Biochemical characterization of an ATPase activity associated with the large packaging subunit gp17 from bacteriophage T4

Double-stranded DNA-packaging in icosahedral bacteriophages is believed to be driven by a packaging "machine" constituted by the portal protein and the two packaging/terminase proteins assembled at the unique portal vertex of the empty prohead shell. Although ATP hydrolysis is evidently the principal driving force, which component of the packaging machinery functions as the translocating ATPase has not been elucidated. Evidence suggests that the large packaging subunit is a strong candidate for the translocating ATPase.
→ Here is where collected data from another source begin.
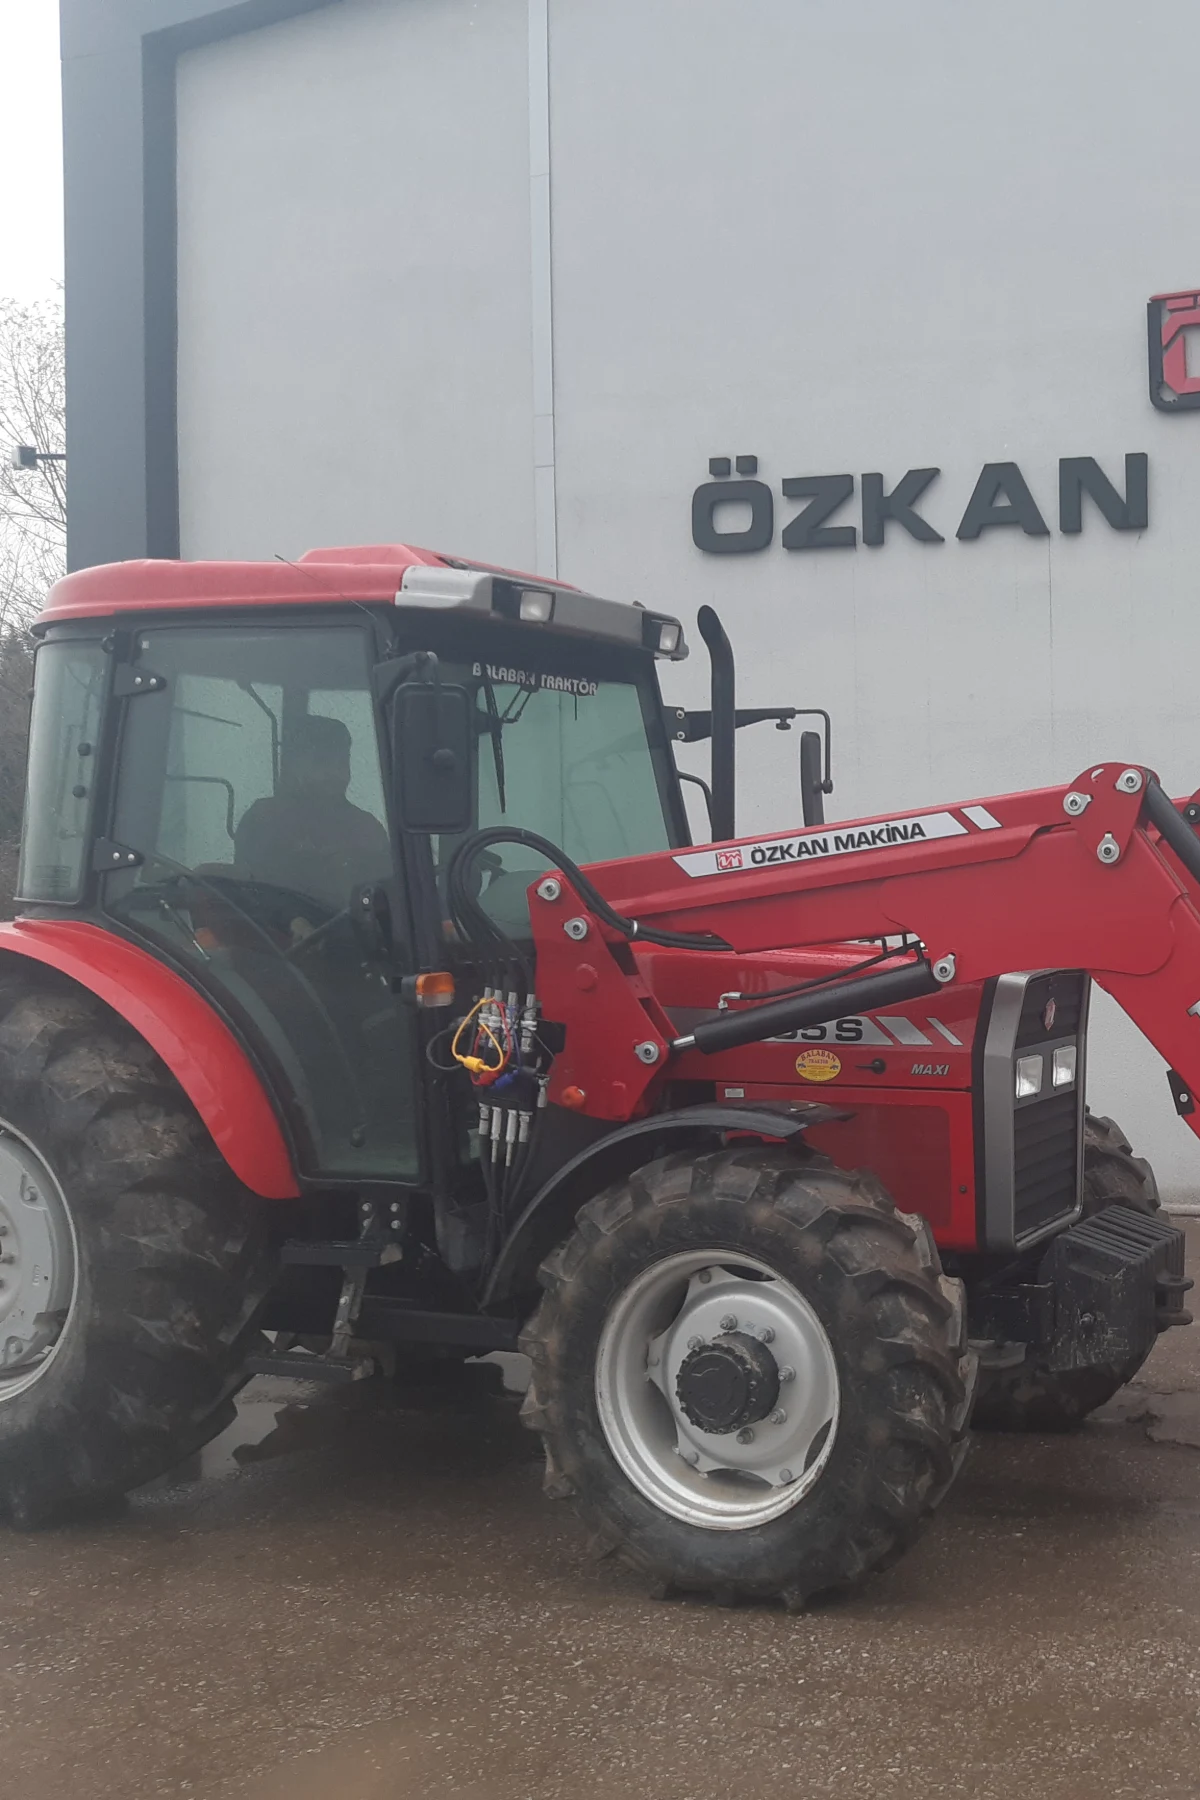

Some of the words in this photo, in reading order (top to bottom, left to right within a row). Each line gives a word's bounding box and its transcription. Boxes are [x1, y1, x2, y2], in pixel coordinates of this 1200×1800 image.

[692, 452, 1148, 553] ÖZKAN
[540, 674, 598, 696] TRAKTÖR
[750, 837, 829, 865] ÖZKAN
[835, 822, 926, 852] MAKİNA
[774, 1025, 827, 1041] 5
[835, 1018, 863, 1042] S
[800, 1050, 837, 1062] BALABAN
[911, 1063, 950, 1076] MAXI
We have constructed new phage T4 terminase recombinants under the control of phage T7 promoter and overexpressed the packaging/terminase proteins gp16 and gp17 in various configurations. The hexahistidine-tagged-packaging proteins were purified to near homogeneity by Ni2+-agarose chromatography and were shown to be highly active for packaging DNA in, vitro. The large packaging subunit gp17 but not the small subunit gp16 exhibited an ATPase activity. Although gp16 lacked ATPase activity, it enhanced the gp17-associated ATPase activity by >50-fold, The gp16 enhancement was specific and was due to an increased catalytic rate for ATP hydrolysis. A phosphorylated gp17 was demonstrated under conditions of low catalytic rates but not under high catalytic rates in the presence of gp16. The data are consistent with the hypothesis that a weak ATPase is transformed into a translocating ATPase of high catalytic capacity after assembly of the packaging machine.